__Exercise data__:
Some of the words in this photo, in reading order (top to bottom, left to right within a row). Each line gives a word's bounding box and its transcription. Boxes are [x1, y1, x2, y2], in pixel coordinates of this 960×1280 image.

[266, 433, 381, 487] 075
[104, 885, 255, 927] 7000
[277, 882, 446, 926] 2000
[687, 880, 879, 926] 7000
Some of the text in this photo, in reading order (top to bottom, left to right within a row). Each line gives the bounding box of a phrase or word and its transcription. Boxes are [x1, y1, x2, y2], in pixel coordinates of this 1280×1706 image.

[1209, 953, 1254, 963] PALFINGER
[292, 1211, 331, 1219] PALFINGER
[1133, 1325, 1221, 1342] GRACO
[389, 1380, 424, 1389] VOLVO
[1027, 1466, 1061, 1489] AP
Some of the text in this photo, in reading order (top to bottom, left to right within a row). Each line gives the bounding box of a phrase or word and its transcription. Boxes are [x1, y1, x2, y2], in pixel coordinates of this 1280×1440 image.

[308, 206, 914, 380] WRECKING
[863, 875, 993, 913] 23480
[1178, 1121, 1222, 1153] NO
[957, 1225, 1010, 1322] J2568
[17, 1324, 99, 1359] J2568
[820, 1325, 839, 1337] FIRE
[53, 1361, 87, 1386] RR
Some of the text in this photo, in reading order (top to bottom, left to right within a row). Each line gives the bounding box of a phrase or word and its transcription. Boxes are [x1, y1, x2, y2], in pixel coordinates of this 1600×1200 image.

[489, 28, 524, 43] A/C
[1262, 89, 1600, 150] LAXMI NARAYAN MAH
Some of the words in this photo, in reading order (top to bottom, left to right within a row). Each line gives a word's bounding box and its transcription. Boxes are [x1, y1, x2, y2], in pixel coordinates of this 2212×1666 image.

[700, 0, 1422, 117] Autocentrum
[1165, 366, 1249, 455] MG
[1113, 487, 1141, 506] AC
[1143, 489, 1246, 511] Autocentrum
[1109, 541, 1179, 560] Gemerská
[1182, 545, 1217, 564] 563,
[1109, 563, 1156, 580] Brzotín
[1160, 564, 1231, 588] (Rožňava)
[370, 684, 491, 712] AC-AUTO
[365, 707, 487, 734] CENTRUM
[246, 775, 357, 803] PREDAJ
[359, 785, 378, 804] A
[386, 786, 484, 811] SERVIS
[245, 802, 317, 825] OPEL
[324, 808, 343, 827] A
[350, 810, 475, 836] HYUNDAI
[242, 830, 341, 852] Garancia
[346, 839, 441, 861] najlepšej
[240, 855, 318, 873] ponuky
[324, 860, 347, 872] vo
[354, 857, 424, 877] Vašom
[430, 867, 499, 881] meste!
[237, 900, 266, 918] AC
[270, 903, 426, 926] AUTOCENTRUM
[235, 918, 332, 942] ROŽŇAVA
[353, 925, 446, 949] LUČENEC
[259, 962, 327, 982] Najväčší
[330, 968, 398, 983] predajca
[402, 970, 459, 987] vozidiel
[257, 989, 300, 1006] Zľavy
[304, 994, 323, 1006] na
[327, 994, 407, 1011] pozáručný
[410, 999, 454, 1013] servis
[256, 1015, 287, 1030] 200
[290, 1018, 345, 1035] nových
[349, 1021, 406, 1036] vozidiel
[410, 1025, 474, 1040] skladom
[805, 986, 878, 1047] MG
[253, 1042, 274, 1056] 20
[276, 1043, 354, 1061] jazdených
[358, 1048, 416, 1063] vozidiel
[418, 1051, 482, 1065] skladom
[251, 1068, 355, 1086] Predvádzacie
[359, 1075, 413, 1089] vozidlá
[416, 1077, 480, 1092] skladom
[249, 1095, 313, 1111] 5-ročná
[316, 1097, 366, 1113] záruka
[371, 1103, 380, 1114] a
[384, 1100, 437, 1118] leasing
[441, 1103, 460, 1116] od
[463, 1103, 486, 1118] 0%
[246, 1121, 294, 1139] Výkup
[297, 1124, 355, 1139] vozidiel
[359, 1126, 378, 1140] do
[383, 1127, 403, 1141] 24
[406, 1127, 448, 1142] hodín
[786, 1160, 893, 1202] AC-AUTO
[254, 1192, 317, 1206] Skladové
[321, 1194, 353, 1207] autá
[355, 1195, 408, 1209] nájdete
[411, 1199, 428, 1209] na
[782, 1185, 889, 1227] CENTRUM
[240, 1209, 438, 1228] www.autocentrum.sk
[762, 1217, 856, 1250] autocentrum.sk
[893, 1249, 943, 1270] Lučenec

__Your goal__:
The entire listing needs to be output again, exactly, please.

__Exercise output__:
Some of the words in this photo, in reading order (top to bottom, left to right within a row). Each line gives a word's bounding box and its transcription. Boxes are [x1, y1, x2, y2], in pixel coordinates of this 960×1280 image.

[266, 433, 381, 487] 075
[104, 885, 255, 927] 7000
[277, 882, 446, 926] 2000
[687, 880, 879, 926] 7000
Some of the text in this photo, in reading order (top to bottom, left to right within a row). Each line gives the bounding box of a phrase or word and its transcription. Boxes are [x1, y1, x2, y2], in pixel coordinates of this 1280×1706 image.

[1209, 953, 1254, 963] PALFINGER
[292, 1211, 331, 1219] PALFINGER
[1133, 1325, 1221, 1342] GRACO
[389, 1380, 424, 1389] VOLVO
[1027, 1466, 1061, 1489] AP
Some of the text in this photo, in reading order (top to bottom, left to right within a row). Each line gives the bounding box of a phrase or word and its transcription. Boxes are [x1, y1, x2, y2], in pixel coordinates of this 1280×1440 image.

[308, 206, 914, 380] WRECKING
[863, 875, 993, 913] 23480
[1178, 1121, 1222, 1153] NO
[957, 1225, 1010, 1322] J2568
[17, 1324, 99, 1359] J2568
[820, 1325, 839, 1337] FIRE
[53, 1361, 87, 1386] RR
Some of the text in this photo, in reading order (top to bottom, left to right within a row). Each line gives the bounding box of a phrase or word and its transcription. Boxes are [x1, y1, x2, y2], in pixel coordinates of this 1600×1200 image.

[489, 28, 524, 43] A/C
[1262, 89, 1600, 150] LAXMI NARAYAN MAH
Some of the words in this photo, in reading order (top to bottom, left to right within a row). Each line gives a word's bounding box and its transcription. Boxes are [x1, y1, x2, y2], in pixel coordinates of this 2212×1666 image.

[700, 0, 1422, 117] Autocentrum
[1165, 366, 1249, 455] MG
[1113, 487, 1141, 506] AC
[1143, 489, 1246, 511] Autocentrum
[1109, 541, 1179, 560] Gemerská
[1182, 545, 1217, 564] 563,
[1109, 563, 1156, 580] Brzotín
[1160, 564, 1231, 588] (Rožňava)
[370, 684, 491, 712] AC-AUTO
[365, 707, 487, 734] CENTRUM
[246, 775, 357, 803] PREDAJ
[359, 785, 378, 804] A
[386, 786, 484, 811] SERVIS
[245, 802, 317, 825] OPEL
[324, 808, 343, 827] A
[350, 810, 475, 836] HYUNDAI
[242, 830, 341, 852] Garancia
[346, 839, 441, 861] najlepšej
[240, 855, 318, 873] ponuky
[324, 860, 347, 872] vo
[354, 857, 424, 877] Vašom
[430, 867, 499, 881] meste!
[237, 900, 266, 918] AC
[270, 903, 426, 926] AUTOCENTRUM
[235, 918, 332, 942] ROŽŇAVA
[353, 925, 446, 949] LUČENEC
[259, 962, 327, 982] Najväčší
[330, 968, 398, 983] predajca
[402, 970, 459, 987] vozidiel
[257, 989, 300, 1006] Zľavy
[304, 994, 323, 1006] na
[327, 994, 407, 1011] pozáručný
[410, 999, 454, 1013] servis
[256, 1015, 287, 1030] 200
[290, 1018, 345, 1035] nových
[349, 1021, 406, 1036] vozidiel
[410, 1025, 474, 1040] skladom
[805, 986, 878, 1047] MG
[253, 1042, 274, 1056] 20
[276, 1043, 354, 1061] jazdených
[358, 1048, 416, 1063] vozidiel
[418, 1051, 482, 1065] skladom
[251, 1068, 355, 1086] Predvádzacie
[359, 1075, 413, 1089] vozidlá
[416, 1077, 480, 1092] skladom
[249, 1095, 313, 1111] 5-ročná
[316, 1097, 366, 1113] záruka
[371, 1103, 380, 1114] a
[384, 1100, 437, 1118] leasing
[441, 1103, 460, 1116] od
[463, 1103, 486, 1118] 0%
[246, 1121, 294, 1139] Výkup
[297, 1124, 355, 1139] vozidiel
[359, 1126, 378, 1140] do
[383, 1127, 403, 1141] 24
[406, 1127, 448, 1142] hodín
[786, 1160, 893, 1202] AC-AUTO
[254, 1192, 317, 1206] Skladové
[321, 1194, 353, 1207] autá
[355, 1195, 408, 1209] nájdete
[411, 1199, 428, 1209] na
[782, 1185, 889, 1227] CENTRUM
[240, 1209, 438, 1228] www.autocentrum.sk
[762, 1217, 856, 1250] autocentrum.sk
[893, 1249, 943, 1270] Lučenec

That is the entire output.